What this task involves: Print out each record, keeping it identical to the original.

Exercise data:
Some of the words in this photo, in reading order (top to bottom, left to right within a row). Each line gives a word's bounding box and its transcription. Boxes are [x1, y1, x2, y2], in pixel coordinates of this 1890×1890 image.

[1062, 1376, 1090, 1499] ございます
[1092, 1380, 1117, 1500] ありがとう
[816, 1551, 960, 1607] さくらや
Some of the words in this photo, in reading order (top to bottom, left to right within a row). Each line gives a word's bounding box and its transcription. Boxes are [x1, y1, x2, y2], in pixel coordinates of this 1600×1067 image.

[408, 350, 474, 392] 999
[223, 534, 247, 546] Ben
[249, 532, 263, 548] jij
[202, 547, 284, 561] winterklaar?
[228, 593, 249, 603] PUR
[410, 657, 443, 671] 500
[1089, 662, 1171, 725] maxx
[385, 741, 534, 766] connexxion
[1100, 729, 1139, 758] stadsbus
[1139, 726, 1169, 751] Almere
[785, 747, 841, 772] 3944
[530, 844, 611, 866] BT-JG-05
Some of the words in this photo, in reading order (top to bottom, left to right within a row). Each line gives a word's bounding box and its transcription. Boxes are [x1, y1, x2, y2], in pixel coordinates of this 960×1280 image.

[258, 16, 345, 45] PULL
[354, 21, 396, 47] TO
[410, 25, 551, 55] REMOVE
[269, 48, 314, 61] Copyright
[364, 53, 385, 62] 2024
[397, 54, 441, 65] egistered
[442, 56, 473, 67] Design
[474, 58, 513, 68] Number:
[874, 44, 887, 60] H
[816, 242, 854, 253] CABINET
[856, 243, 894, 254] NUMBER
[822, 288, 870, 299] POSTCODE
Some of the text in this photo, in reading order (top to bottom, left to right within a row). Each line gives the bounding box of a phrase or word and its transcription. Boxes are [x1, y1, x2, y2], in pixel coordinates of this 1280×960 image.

Response area:
Some of the words in this photo, in reading order (top to bottom, left to right within a row). Each line gives a word's bounding box and its transcription. Boxes are [x1, y1, x2, y2], in pixel coordinates of this 1890×1890 image.

[1062, 1376, 1090, 1499] ございます
[1092, 1380, 1117, 1500] ありがとう
[816, 1551, 960, 1607] さくらや
Some of the words in this photo, in reading order (top to bottom, left to right within a row). Each line gives a word's bounding box and its transcription. Boxes are [x1, y1, x2, y2], in pixel coordinates of this 1600×1067 image.

[408, 350, 474, 392] 999
[223, 534, 247, 546] Ben
[249, 532, 263, 548] jij
[202, 547, 284, 561] winterklaar?
[228, 593, 249, 603] PUR
[410, 657, 443, 671] 500
[1089, 662, 1171, 725] maxx
[385, 741, 534, 766] connexxion
[1100, 729, 1139, 758] stadsbus
[1139, 726, 1169, 751] Almere
[785, 747, 841, 772] 3944
[530, 844, 611, 866] BT-JG-05
Some of the words in this photo, in reading order (top to bottom, left to right within a row). Each line gives a word's bounding box and its transcription. Boxes are [x1, y1, x2, y2], in pixel coordinates of this 960×1280 image.

[258, 16, 345, 45] PULL
[354, 21, 396, 47] TO
[410, 25, 551, 55] REMOVE
[269, 48, 314, 61] Copyright
[364, 53, 385, 62] 2024
[397, 54, 441, 65] egistered
[442, 56, 473, 67] Design
[474, 58, 513, 68] Number:
[874, 44, 887, 60] H
[816, 242, 854, 253] CABINET
[856, 243, 894, 254] NUMBER
[822, 288, 870, 299] POSTCODE
Some of the text in this photo, in reading order (top to bottom, left to right within a row). Each line gives the bounding box of a phrase or word and its transcription. Boxes are [x1, y1, x2, y2], in pixel coordinates of this 1280×960 image.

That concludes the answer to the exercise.